Telephone Oral Interview Tasks in University Admissions Language Testing

Interactive functions and reports of anxiety

We report here on research we undertook to examine the entrance tests for applicants to second-language teaching programs in either English or French. In particular, we were interested in examining the speaking portion of this test, a one-on-one telephone interview. Individual one-on-one interviews are still the most common method of assessing speaking for high stakes contexts such as these (Luoma, 2004), and they are often conducted by telephone for cost and time savings.

This oral interview task follows a standard format, consisting of a warm-up, two separate tasks (a role play with the interviewer and a single long turn discussing an opinion on an issue), and a wind-down. The complete interview lasts approximately 10 to 15 minutes. As with many current speaking tests (see Luoma, 2004), this oral interview was designed to capture information not just on language accuracy but on the ability to engage in a variety of interactional language functions, like being able to interrupt appropriately and politely, introduce topics, and manage turn-taking. However, sometimes oral tests do not succeed in doing this, instead being much less interactive: simply a series of answers to interviewer questions. So, we were interested in examining whether a variety of language functions were actually being elicited. If they were, then the test is more useful in making decisions about these future teachers’ interactive abilities in the language that they hope to be teaching.

In addition, we were also interested in how the telephone format affected the level of anxiety of the test candidates. Language test anxiety is a well-known phenomenon (see Horwitz; 1996; Horwitz, Horwitz, & Cope, 1986) and anxiety has been shown to affect both the quantity and quality of linguistic output (e.g., Toth, 2012).
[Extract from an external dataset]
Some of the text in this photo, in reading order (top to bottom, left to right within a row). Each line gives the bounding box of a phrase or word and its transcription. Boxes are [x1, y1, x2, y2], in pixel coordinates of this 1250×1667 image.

There is some evidence that test candidates may have a preference for a face-to-face format, as it is more like authentic interaction (Qian, 2009), but there is little work on test-taker reports of anxiety with this particular test delivery method.

Therefore, our research questions were the following:

  1. What is the nature of the interactive functions elicited by the telephone tasks?
  2. How has the telephone format of the test affected feelings of anxiety in the test candidates (the applicants to the teacher training program)?
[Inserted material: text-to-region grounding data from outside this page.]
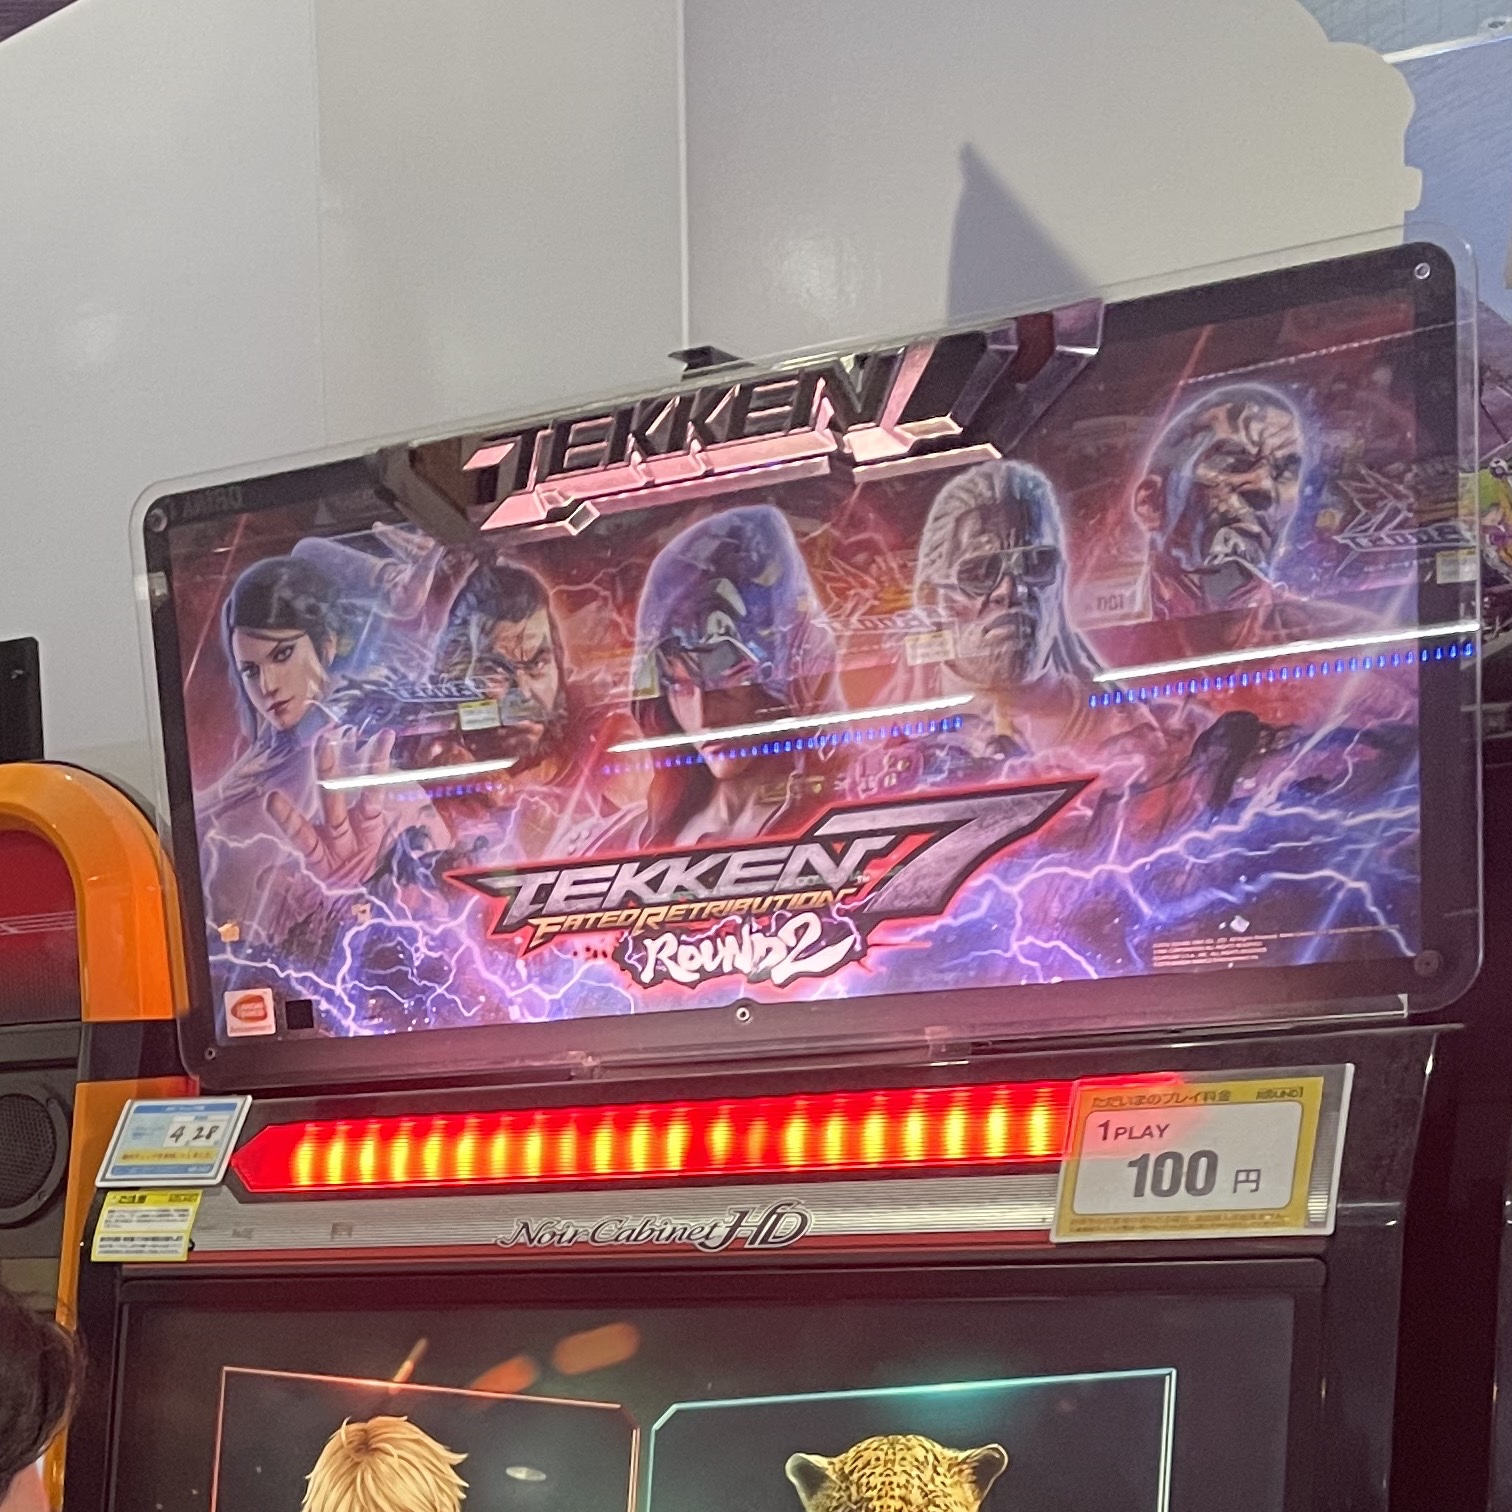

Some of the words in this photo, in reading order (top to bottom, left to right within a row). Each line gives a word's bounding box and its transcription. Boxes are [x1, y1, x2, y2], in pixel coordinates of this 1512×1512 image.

[488, 834, 890, 926] TEKKEN
[528, 908, 640, 947] FATED
[634, 887, 859, 934] RETRIBUTION
[642, 919, 786, 984] ROUND
[1127, 1149, 1219, 1198] 100
[1233, 1168, 1262, 1194] 円
[496, 1217, 588, 1248] Noir
[590, 1215, 720, 1246] Cabinet
[698, 1199, 812, 1252] HD
In our study, we were informed by Weir’s sociocultural model for test validation (Weir, 2005; see Taylor, 2011, for a slightly adapted version of the framework for the conceptualisation of speaking validity specifically). This framework allows for the collection of evidence to support the claims made for the use of this particular test.

Recorded Telephone Interviews

Audio recordings of the admissions telephone interview were obtained from the language testing administrators following university ethical approvals. The full interview database consisted of three versions of both the role-play and the opinion tasks. While further details cannot be provided for reasons of test security, the role play that was selected was a mock job interview, and the opinion task selected was the candidates’ position on an educational topic.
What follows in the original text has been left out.